> [About this exercise] A word-for-word copy of the entries, with the images left out, is what you should write.

%%

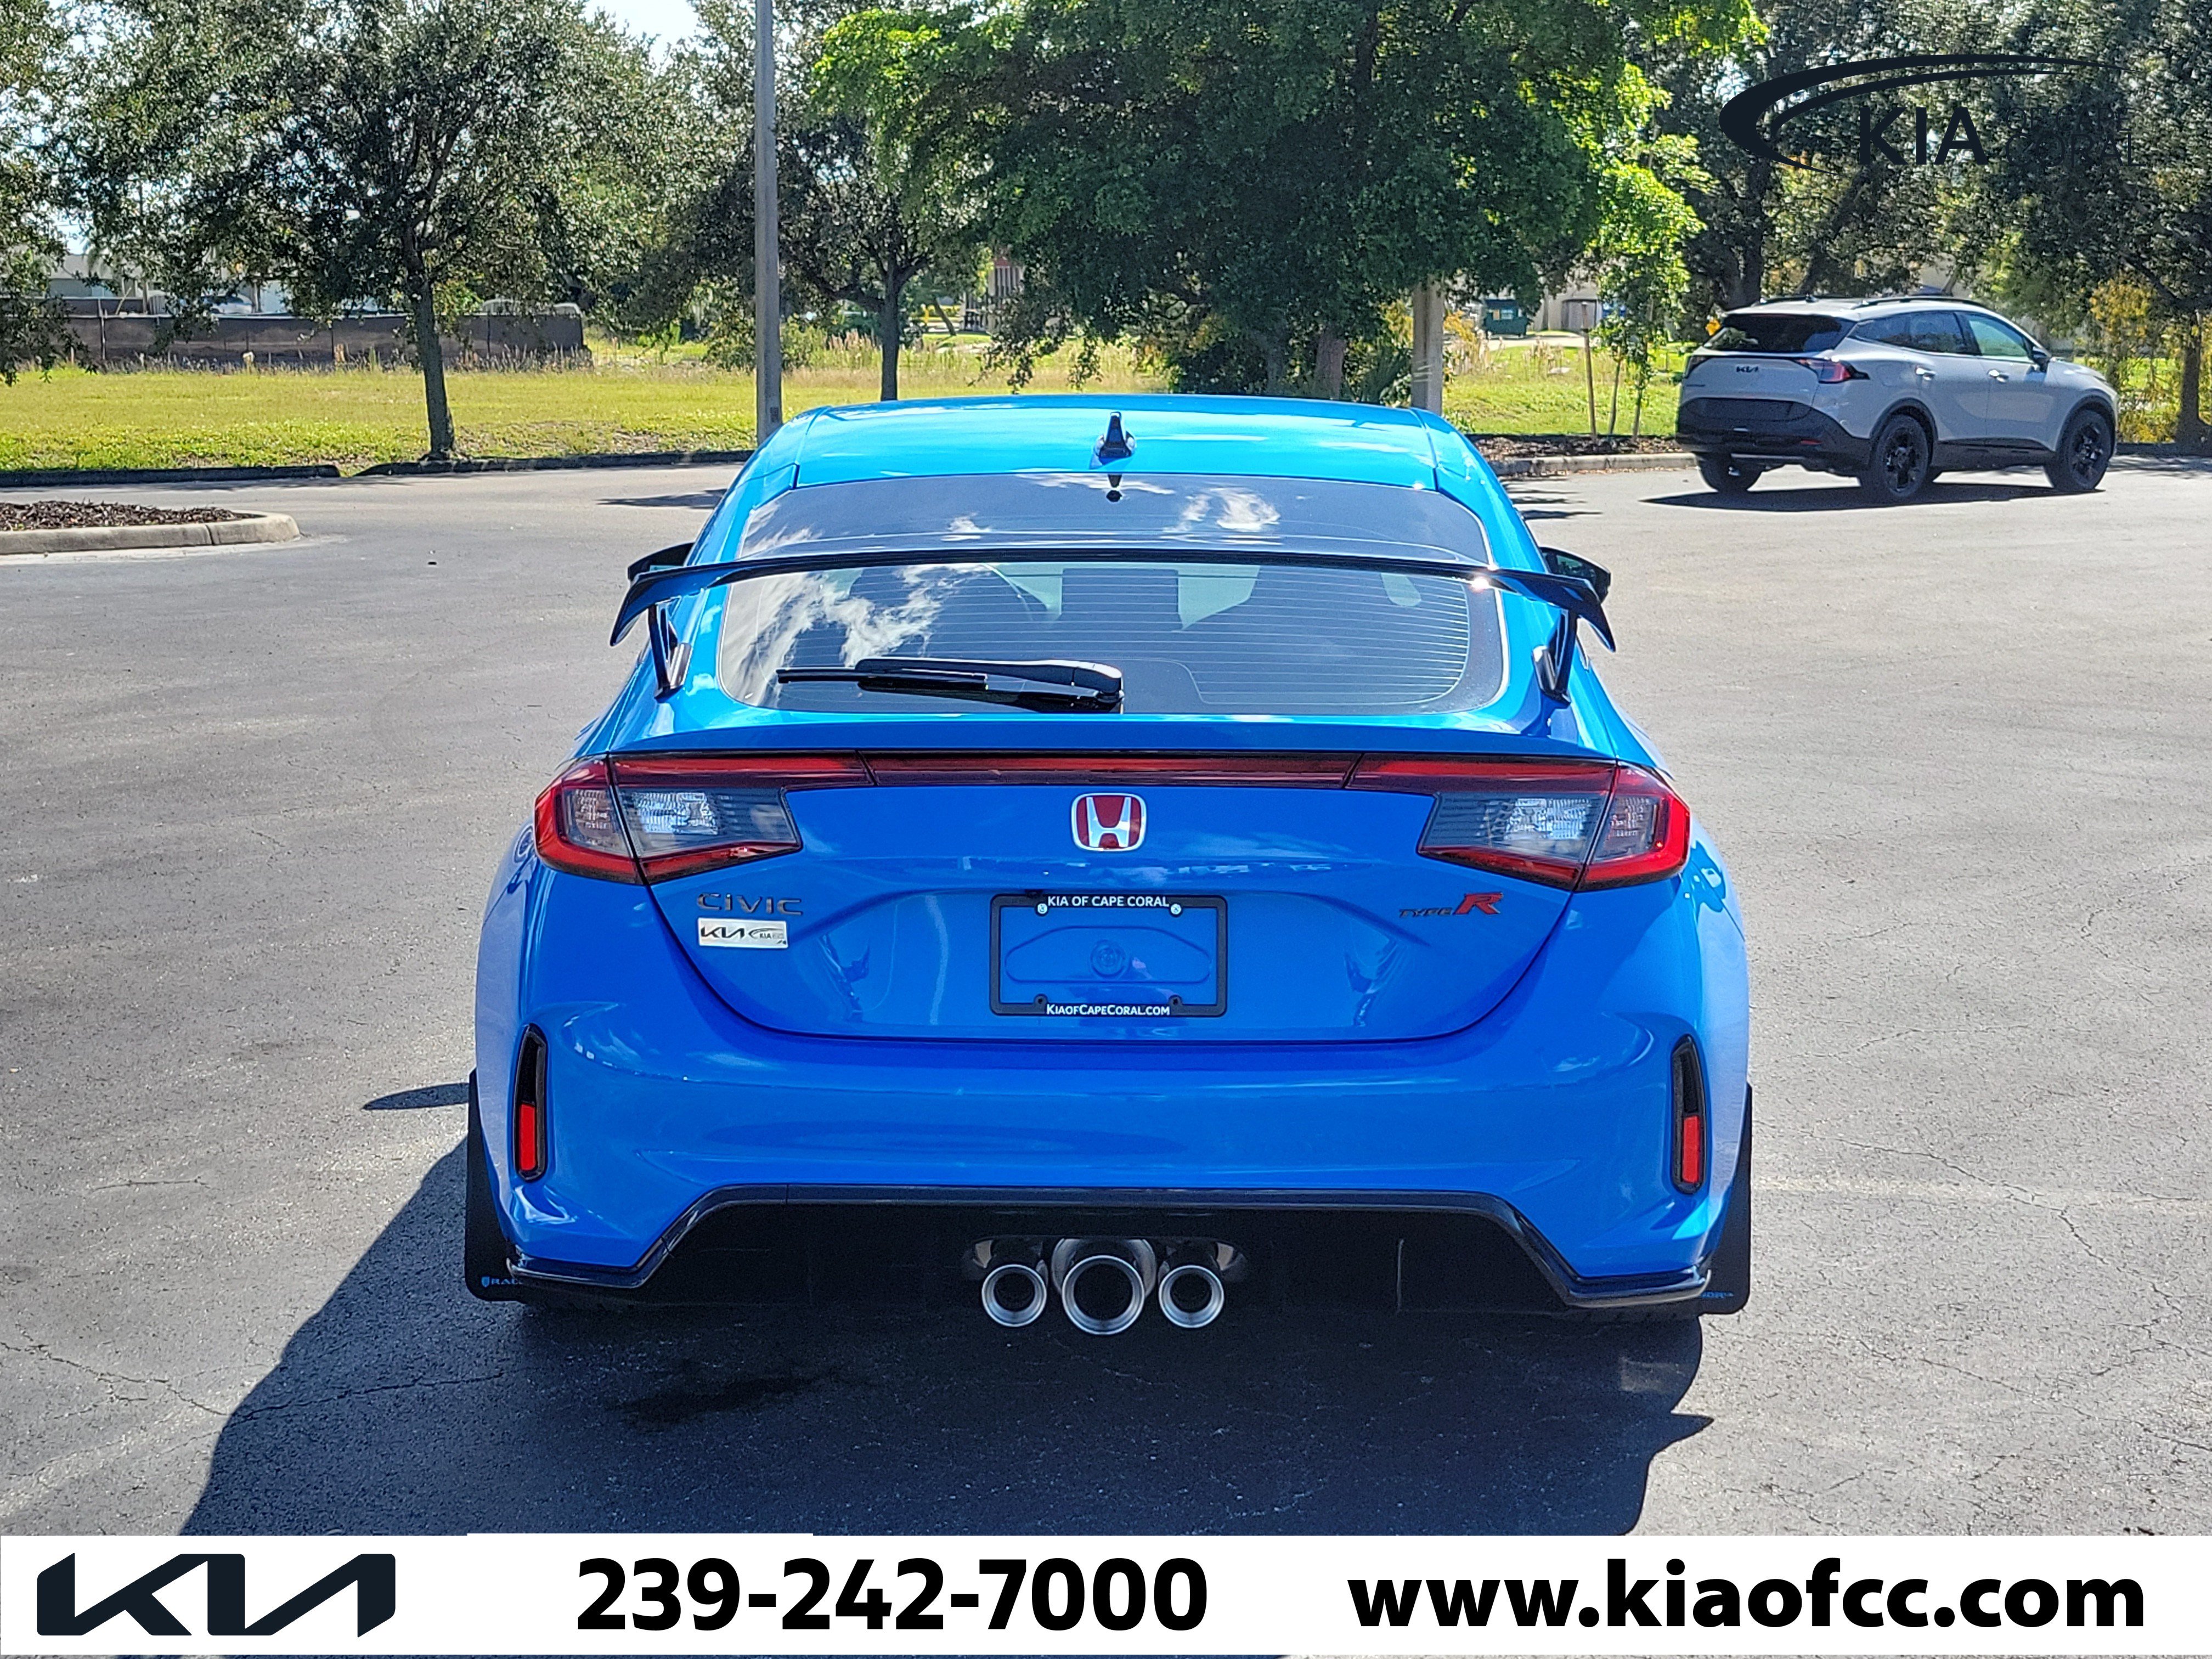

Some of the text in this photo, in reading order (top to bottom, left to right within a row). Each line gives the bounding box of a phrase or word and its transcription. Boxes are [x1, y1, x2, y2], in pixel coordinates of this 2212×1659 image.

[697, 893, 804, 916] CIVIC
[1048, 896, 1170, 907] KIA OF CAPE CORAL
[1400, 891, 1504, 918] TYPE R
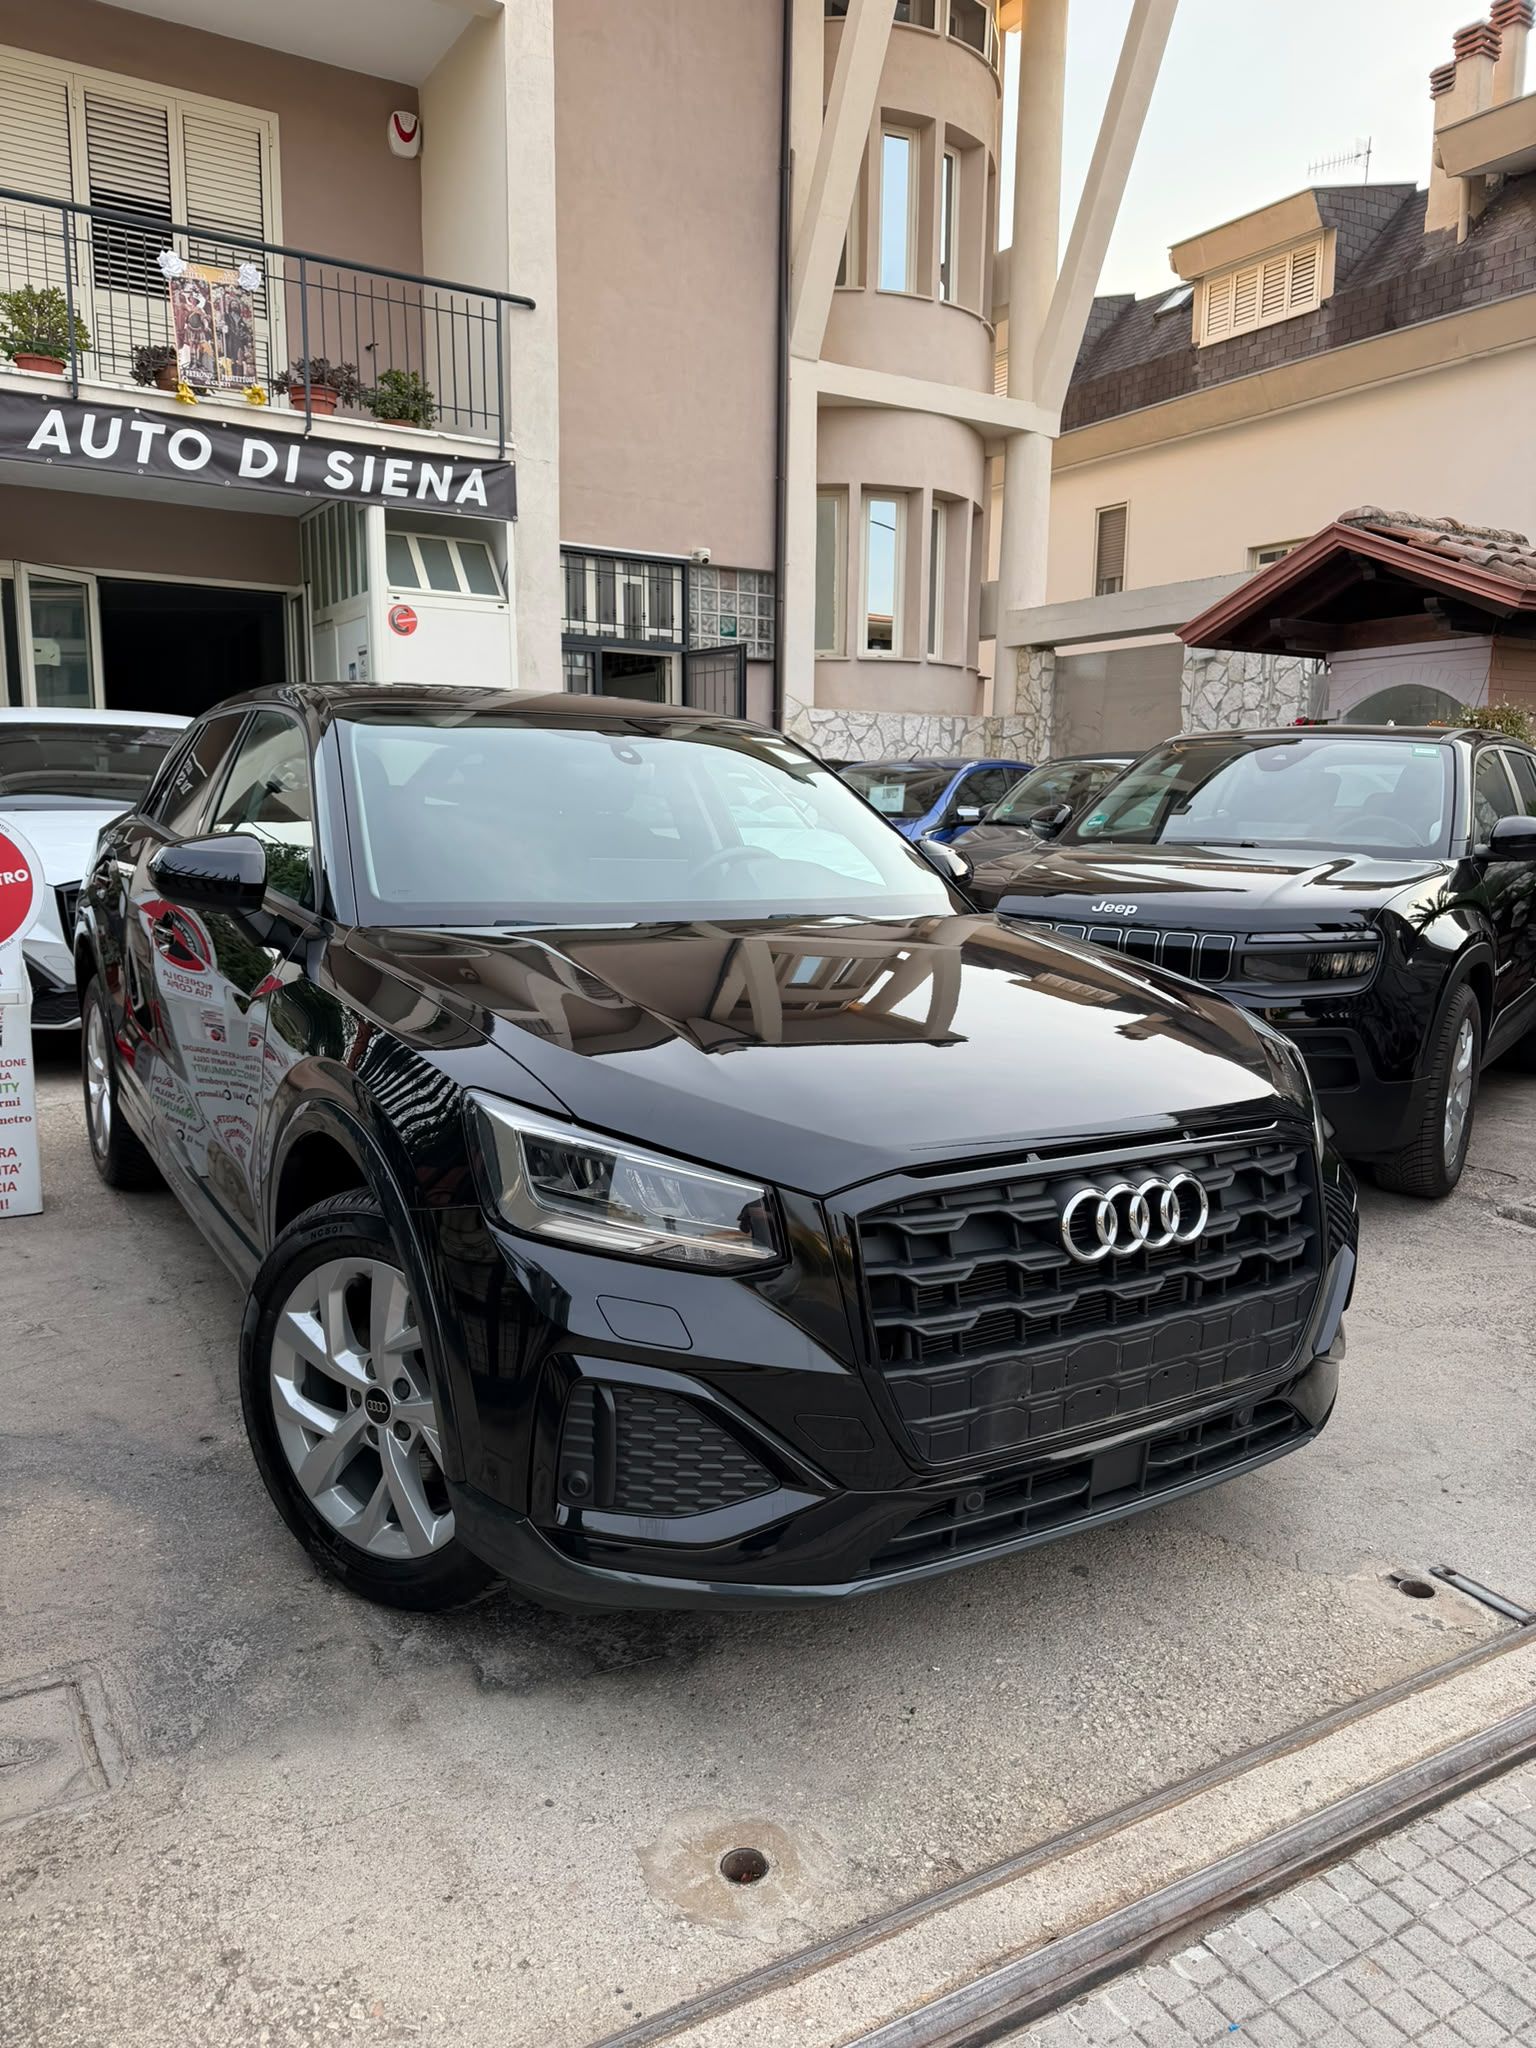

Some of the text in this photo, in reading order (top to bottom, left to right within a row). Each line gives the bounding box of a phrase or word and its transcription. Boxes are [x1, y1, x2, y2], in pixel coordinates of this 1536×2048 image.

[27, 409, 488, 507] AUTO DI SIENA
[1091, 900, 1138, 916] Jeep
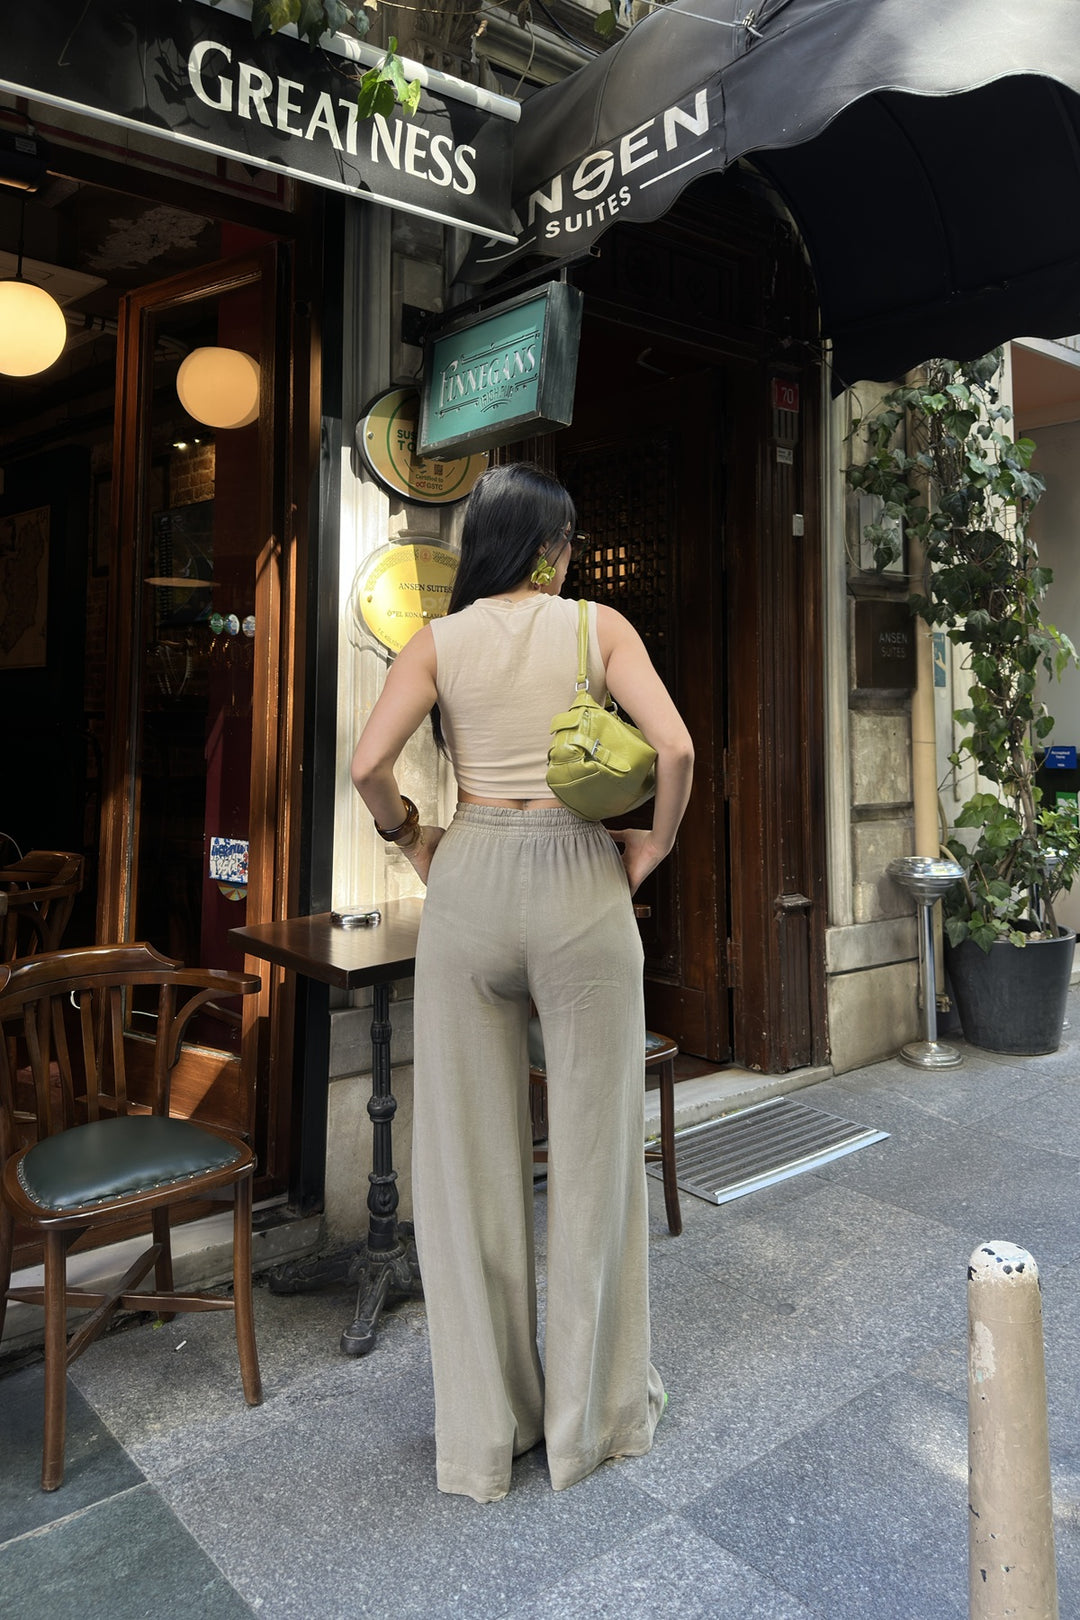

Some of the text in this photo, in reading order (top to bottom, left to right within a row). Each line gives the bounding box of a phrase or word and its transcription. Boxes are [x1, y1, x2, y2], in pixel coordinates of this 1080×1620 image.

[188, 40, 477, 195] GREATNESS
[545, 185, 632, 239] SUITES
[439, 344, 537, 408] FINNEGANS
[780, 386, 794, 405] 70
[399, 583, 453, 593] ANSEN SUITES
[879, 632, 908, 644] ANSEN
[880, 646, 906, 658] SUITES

%%

> [Response to the task]
Some of the text in this photo, in reading order (top to bottom, left to right within a row). Each line gives the bounding box of a phrase or word and its transcription. Boxes are [x1, y1, x2, y2], in pixel coordinates of this 2212×1659 image.

[697, 893, 804, 916] CIVIC
[1048, 896, 1170, 907] KIA OF CAPE CORAL
[1400, 891, 1504, 918] TYPE R

Some of the text in this photo, in reading order (top to bottom, left to right within a row). Each line gives the bounding box of a phrase or word and its transcription. Boxes are [x1, y1, x2, y2], in pixel coordinates of this 1536×2048 image.

[27, 409, 488, 507] AUTO DI SIENA
[1091, 900, 1138, 916] Jeep

Some of the text in this photo, in reading order (top to bottom, left to right within a row). Each line gives the bounding box of a phrase or word and its transcription. Boxes are [x1, y1, x2, y2], in pixel coordinates of this 1080×1620 image.

[188, 40, 477, 195] GREATNESS
[545, 185, 632, 239] SUITES
[439, 344, 537, 408] FINNEGANS
[780, 386, 794, 405] 70
[399, 583, 453, 593] ANSEN SUITES
[879, 632, 908, 644] ANSEN
[880, 646, 906, 658] SUITES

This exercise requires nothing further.